Yet companies find these offerings are frustratingly underutilized despite investments in a wealth of benefits such as mental health and financial assistance. Leaders are now exploring ways to meet employees' expectations while improving their return on investment.

“Companies have put 30, 40, 50 programs out there...[They're] getting between 1% and 5% to 6% engagement rate across the employee population,” said Stephan Scholl, CEO of the IT and consulting company Alight, at a Tuesday roundtable panel at Fortune’s CEO Initiative in Washington, D.C. “CEOs, CHROs, and a lot of CIOs are now playing a much stronger hand in figuring out what do we do?”

At Morgan Lewis, the law firm took an unorthodox approach and formed a new C-suite role in 2019 focused solely on employee engagement: a chief engagement officer.

The chief engagement officer is responsible for the firm's employees' "life interests," including engagement in programming and well-being initiatives, said Jami McKeon, Morgan Lewis chair.
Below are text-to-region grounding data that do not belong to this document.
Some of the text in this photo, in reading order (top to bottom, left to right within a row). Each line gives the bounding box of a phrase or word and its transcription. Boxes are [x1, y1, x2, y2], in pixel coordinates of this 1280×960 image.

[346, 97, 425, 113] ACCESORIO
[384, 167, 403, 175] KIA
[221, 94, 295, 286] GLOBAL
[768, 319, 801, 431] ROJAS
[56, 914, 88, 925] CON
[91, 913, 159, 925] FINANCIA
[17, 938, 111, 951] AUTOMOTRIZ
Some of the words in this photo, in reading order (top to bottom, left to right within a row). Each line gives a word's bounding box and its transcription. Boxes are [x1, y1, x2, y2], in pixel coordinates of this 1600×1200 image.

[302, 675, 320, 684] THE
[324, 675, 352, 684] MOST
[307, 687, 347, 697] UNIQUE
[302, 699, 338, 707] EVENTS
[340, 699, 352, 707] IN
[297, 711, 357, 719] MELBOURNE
Morgan Lewis’s chief engagement officer has trained partners and other supervisors on how to give better feedback and engage with employees and sends weekly alerts in its intranet calling attention to new benefits, new hires, and personal announcements from staffers like marriages or the birth or adoption of children.
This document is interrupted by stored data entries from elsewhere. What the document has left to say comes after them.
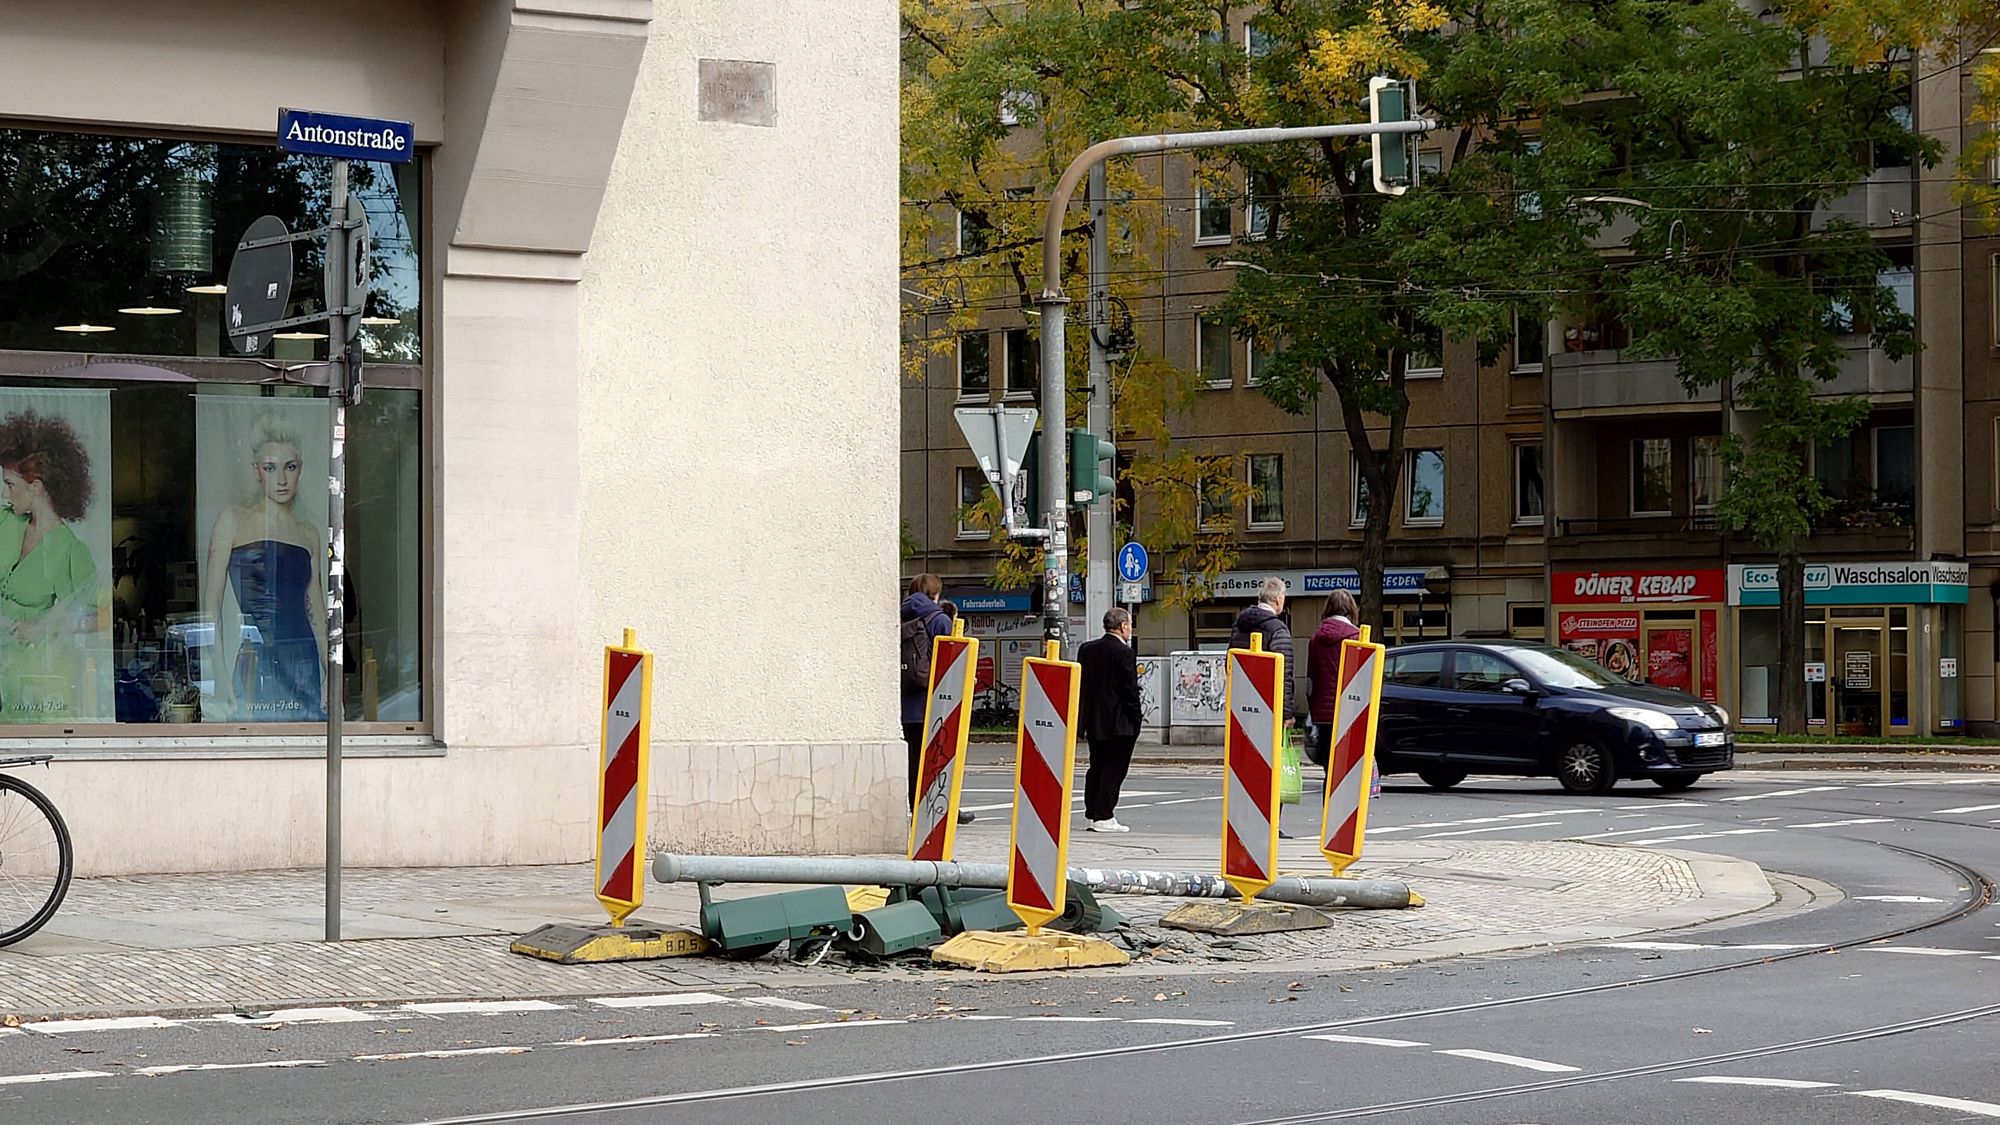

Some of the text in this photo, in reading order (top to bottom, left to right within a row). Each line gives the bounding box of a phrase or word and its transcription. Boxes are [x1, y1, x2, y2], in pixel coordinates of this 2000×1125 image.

[286, 120, 405, 151] Antonstraße
[1746, 570, 1826, 583] Eco-ess
[1834, 566, 1930, 584] Waschsalon
[1931, 565, 1968, 583] Waschsalon
[1306, 575, 1360, 588] TREBERHIL
[1574, 573, 1697, 596] DÖNER KEBAP
[962, 599, 1006, 609] Fahrradverleih
[1616, 618, 1636, 628] PIZZA
[12, 701, 68, 712] www.j-7.de
[245, 700, 300, 711] www.j-7.de
[665, 939, 701, 953] B.A.S.
McKeon says that communicating existing benefits to employees helps drive engagement, as does creating a dedicated role.

“Just the title says to everybody, 'We're focused on employee engagement, we're focused on an engaged relationship.'"

Employees' distrust of HR may also factor into erecting this new title. Only 21% of employees say they trust the head of HR to tell the truth about what is happening in the organization, according to Edelman’s 2022 Trust Barometer Special Report. While HR is responsible for administering trainings and benefit announcements, this trust issue may impact how and whether workers take advantage of an organization’s full suite of offerings.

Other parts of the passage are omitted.